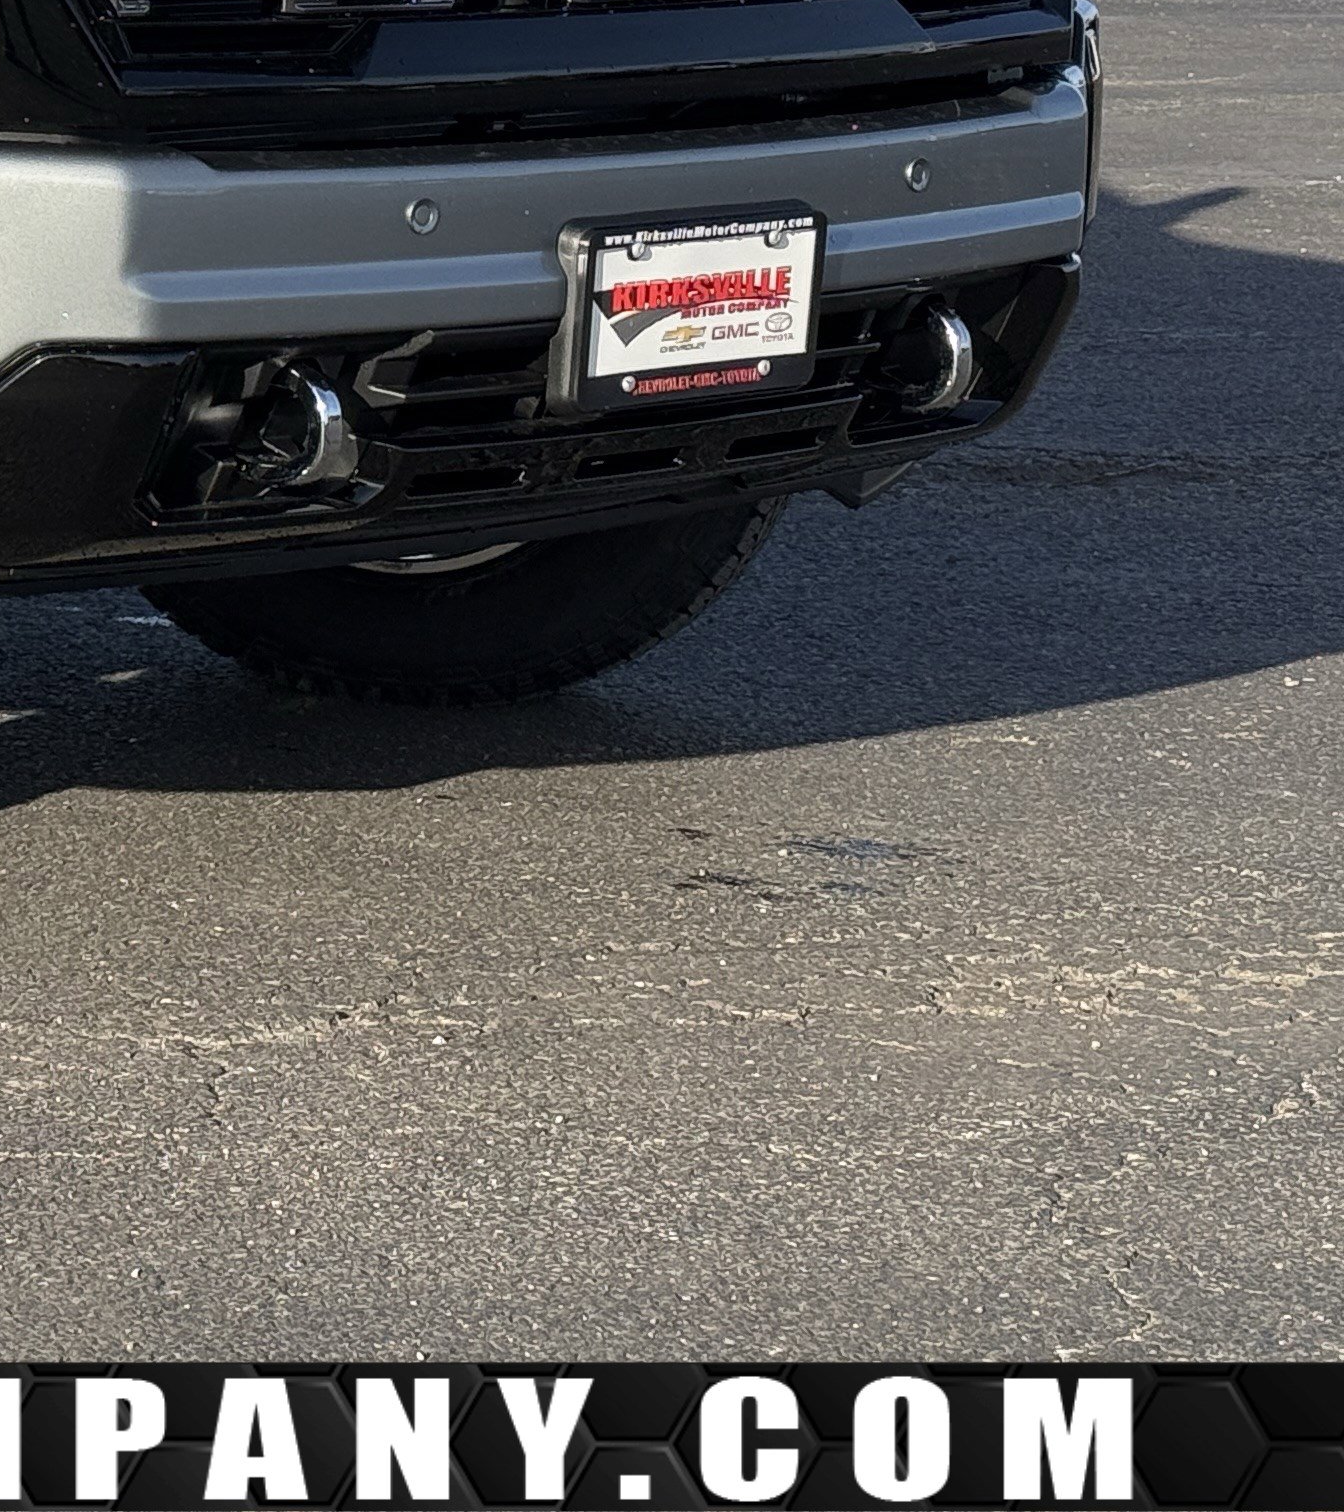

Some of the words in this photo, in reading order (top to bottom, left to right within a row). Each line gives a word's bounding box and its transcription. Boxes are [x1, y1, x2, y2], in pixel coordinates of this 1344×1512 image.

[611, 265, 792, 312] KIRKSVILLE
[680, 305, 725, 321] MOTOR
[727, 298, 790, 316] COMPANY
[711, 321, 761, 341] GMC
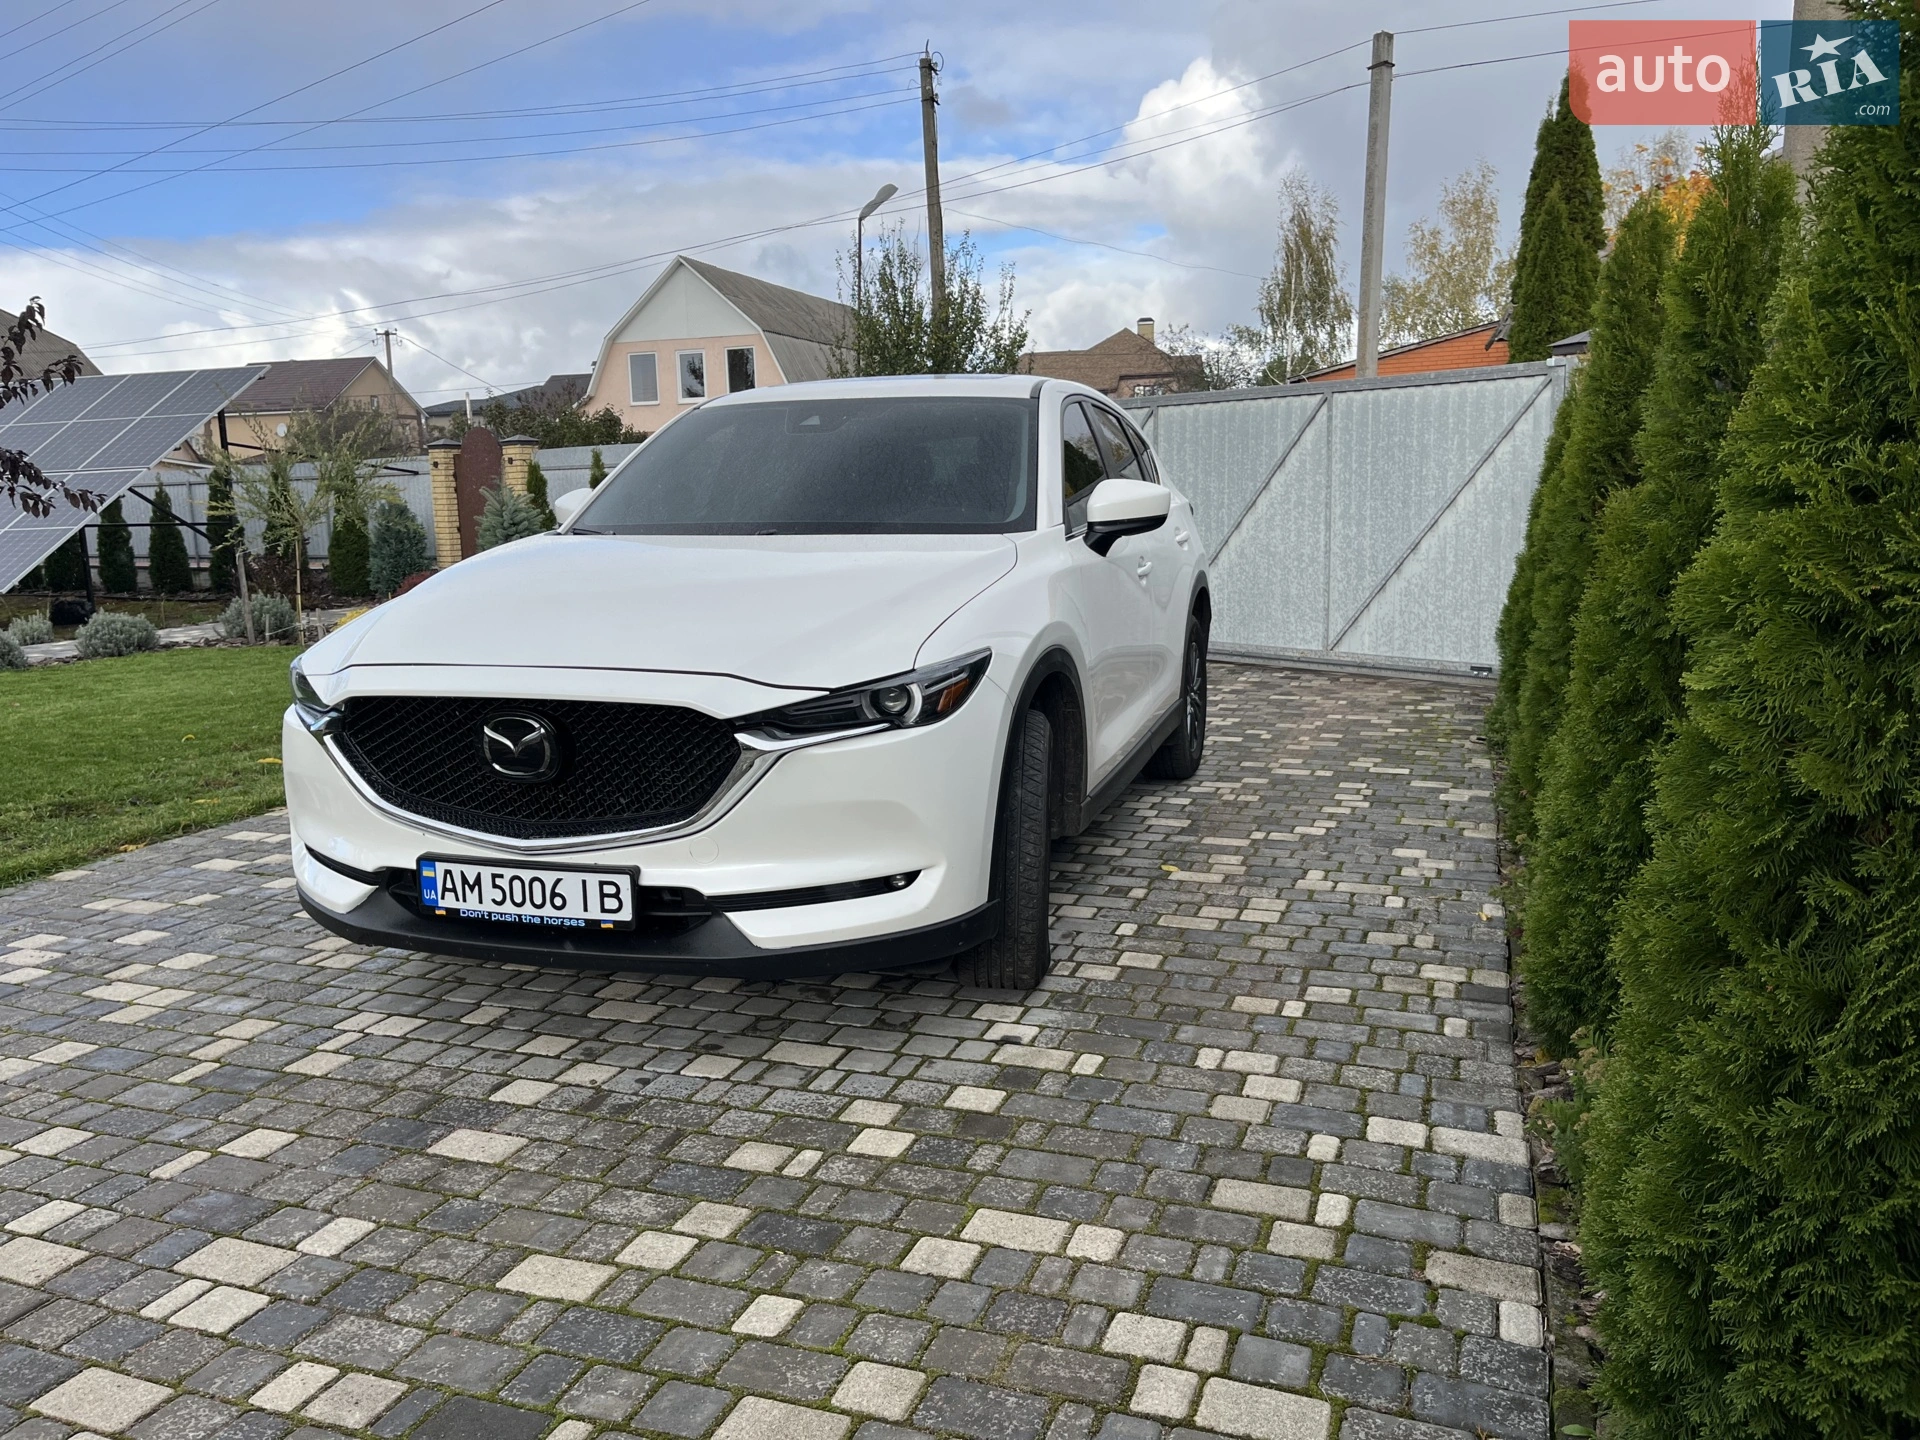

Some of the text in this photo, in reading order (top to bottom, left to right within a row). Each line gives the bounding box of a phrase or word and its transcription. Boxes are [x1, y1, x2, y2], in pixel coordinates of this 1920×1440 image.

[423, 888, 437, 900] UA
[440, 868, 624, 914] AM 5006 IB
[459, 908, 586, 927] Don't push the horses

EXERCISE AIM » Omit pictures; set down the rest of the material word for word.

SOLUTION FOR THIS EXERCISE »
Some of the words in this photo, in reading order (top to bottom, left to right within a row). Each line gives a word's bounding box and its transcription. Boxes are [x1, y1, x2, y2], in pixel coordinates of this 1344×1512 image.

[611, 265, 792, 312] KIRKSVILLE
[680, 305, 725, 321] MOTOR
[727, 298, 790, 316] COMPANY
[711, 321, 761, 341] GMC

Some of the text in this photo, in reading order (top to bottom, left to right within a row). Each line gives the bounding box of a phrase or word and its transcription. Boxes are [x1, y1, x2, y2], in pixel coordinates of this 1920×1440 image.

[423, 888, 437, 900] UA
[440, 868, 624, 914] AM 5006 IB
[459, 908, 586, 927] Don't push the horses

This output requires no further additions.